Long answer: Take a light detector (such as a CCD camera) and place it in
front of a light source. The light source emits a "pulse" of light. What you
detect on the detector is that initially there is no light falling on it, then
some light, then maybe a bit more, a bit less, then eventually no light
anymore once you switch off the source. A pulse of light in the time-domain is
just some varying level of light that can be measured by a detector. the pulse
is of finite temporal length in the real world i.e. it has a definite start
and a definite end.

You don't have to do the math in the time-domain. You can take the function
that describes the pulse in the time domain and take the Fourier transform of
it to take it to the frequency domain. In the frequency domain, the pulse is
described by a function that can extend from negative to positive infinity.
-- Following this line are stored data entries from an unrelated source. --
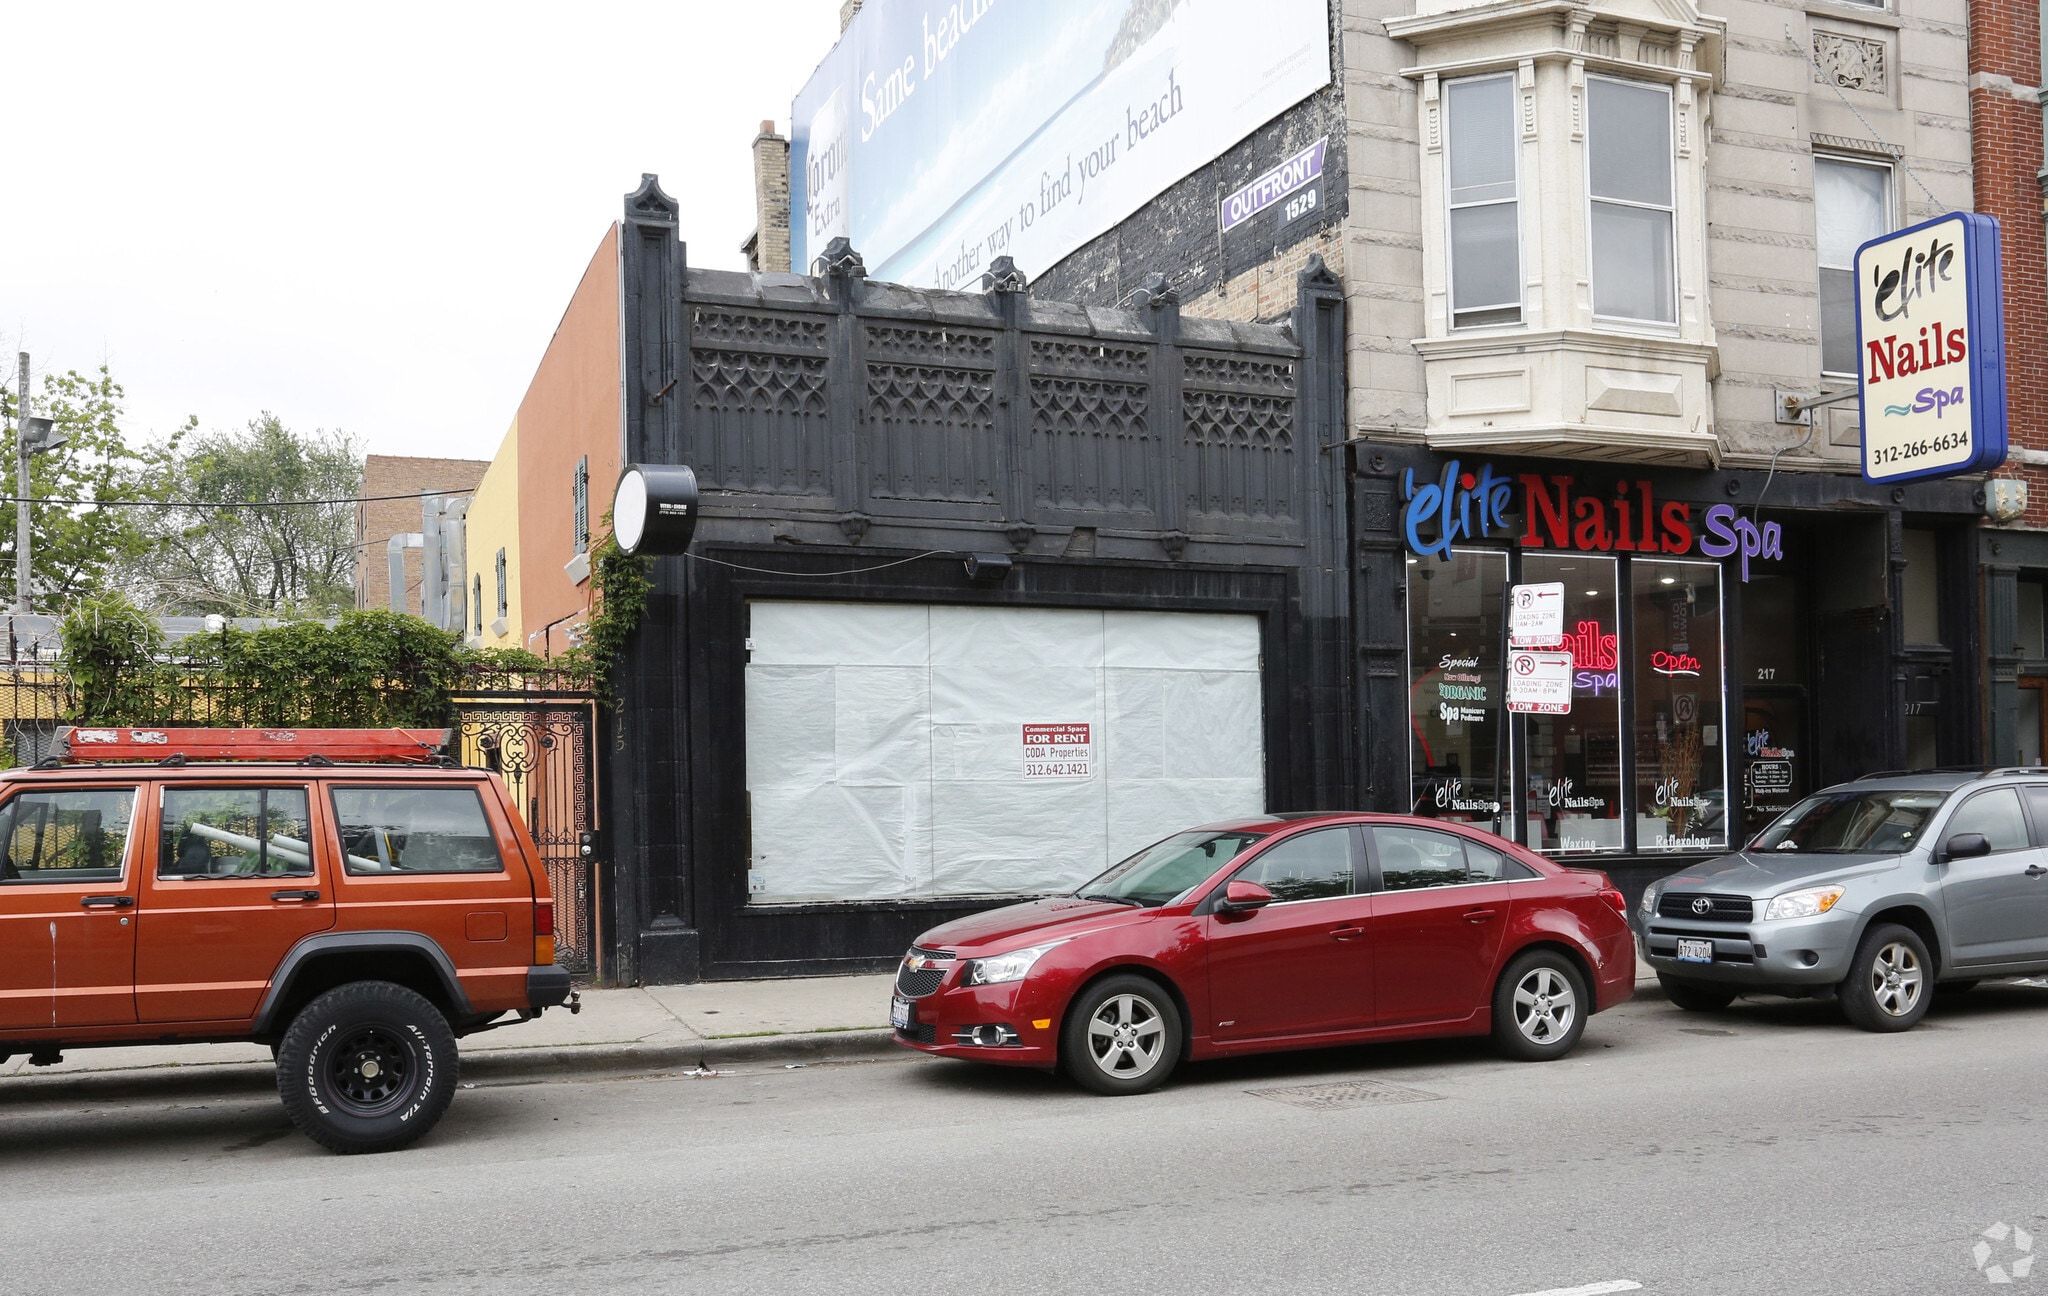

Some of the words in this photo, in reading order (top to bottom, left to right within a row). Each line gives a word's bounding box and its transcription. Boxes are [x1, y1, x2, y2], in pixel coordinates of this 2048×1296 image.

[861, 54, 916, 143] Same
[933, 239, 983, 291] Another
[987, 216, 1014, 258] way
[1018, 202, 1035, 233] to
[1039, 152, 1072, 218] find
[1077, 132, 1120, 207] your
[1126, 67, 1184, 151] beach
[1230, 148, 1316, 221] OUTFRONT
[1284, 188, 1317, 222] 1529
[814, 196, 841, 236] Extra
[1867, 321, 1967, 385] Nails
[1911, 386, 1965, 419] Spa
[1874, 430, 1969, 466] 312-266-6634
[1518, 473, 1693, 555] Nails
[1700, 503, 1784, 584] Spa
[1514, 613, 1539, 621] LOADING
[1541, 612, 1556, 620] ZONE
[1515, 636, 1532, 645] TOW
[1536, 635, 1558, 644] ZONE
[1438, 653, 1480, 671] Special
[1652, 650, 1702, 678] Open
[1757, 668, 1776, 680] 217
[1440, 684, 1487, 701] ORGANIC
[1513, 680, 1542, 688] LOADING
[1572, 671, 1617, 697] Spa
[1440, 702, 1460, 726] Spa
[1460, 706, 1486, 715] Manicure
[1513, 702, 1533, 711] TOW
[1537, 703, 1565, 712] ZONE
[1904, 703, 1921, 715] 217
[1460, 714, 1484, 722] Pedicure
[1024, 725, 1065, 733] Commercial
[1067, 725, 1088, 734] Space
[1026, 734, 1051, 744] FOR
[1054, 733, 1087, 743] RENT
[1025, 747, 1046, 758] CODA
[1050, 746, 1088, 759] Properties
[1026, 763, 1089, 776] 312.642.1421
[1560, 835, 1597, 852] Waxing
[1655, 833, 1711, 850] Reflexology
[1694, 946, 1712, 959] 4204
[307, 1024, 337, 1114] BFGoodrich
[406, 1024, 434, 1101] All-Terrain
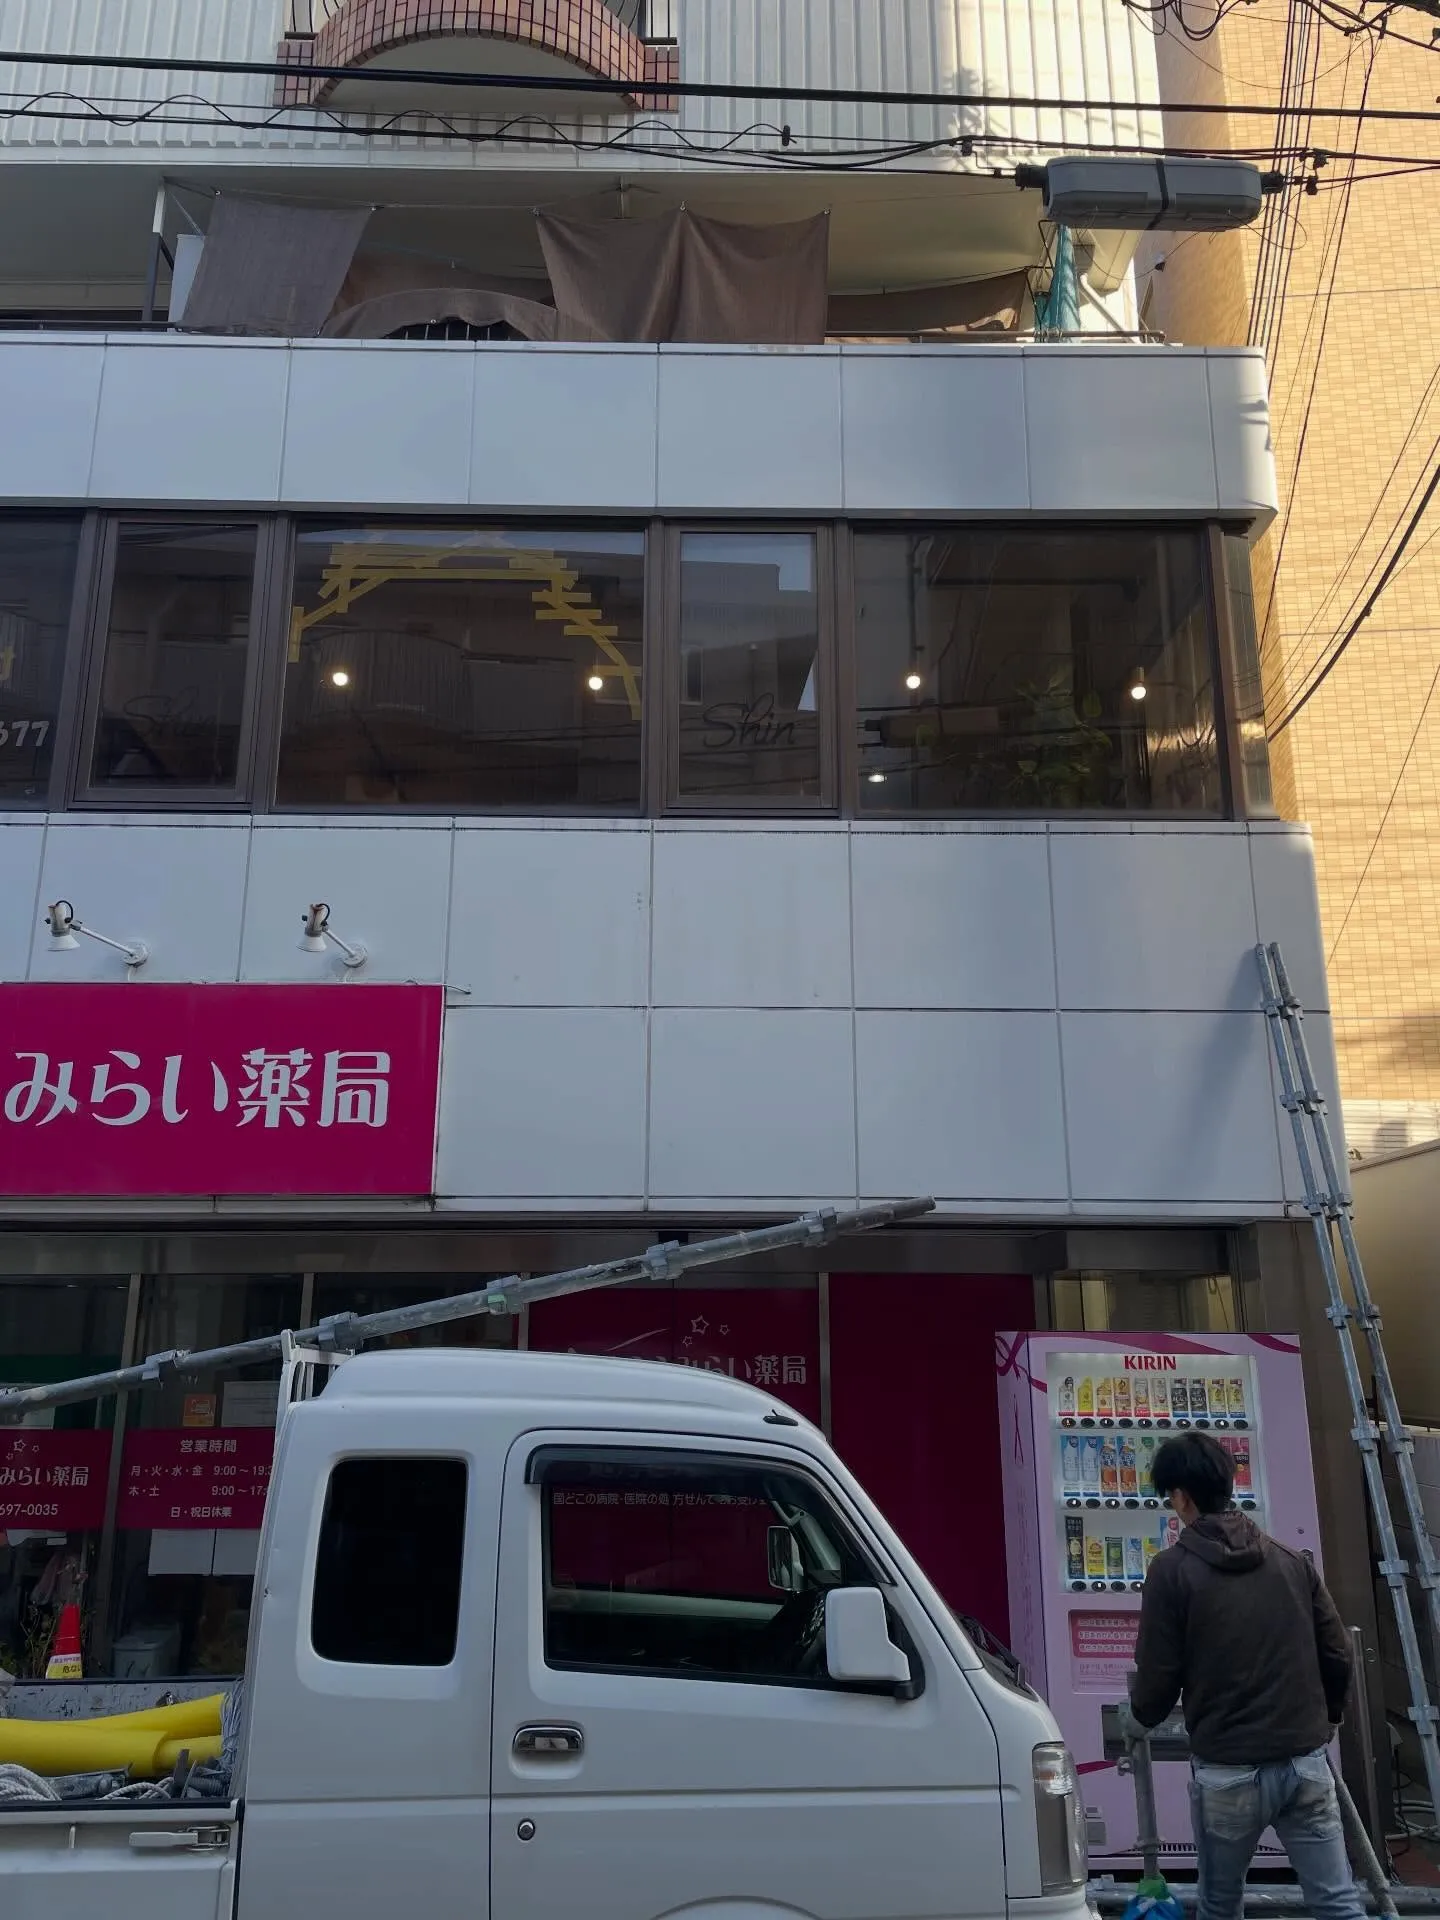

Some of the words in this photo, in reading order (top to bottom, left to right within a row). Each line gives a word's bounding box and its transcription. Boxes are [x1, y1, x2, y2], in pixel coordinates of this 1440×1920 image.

Each point on this function can be interpreted to be a sinusoidal wave of that
frequency, which when take to the time-domain extends from negative to
positive infinity time. Obviously, its not possible for light from a source to
start from negative infinity time, so this is just an nonphysical
interpretation of the math. For positive frequencies, the corresponding time-
domain sinusoidal wave is moving forward in time, and for negative
frequencies, the sinusoidal wave is moving backwards in time.

In the real world, you can't create light pulses that are exclusively negative
frequencies, but you can create pulses that have both positive and negative
frequency components and then exploit those separately in clever ways.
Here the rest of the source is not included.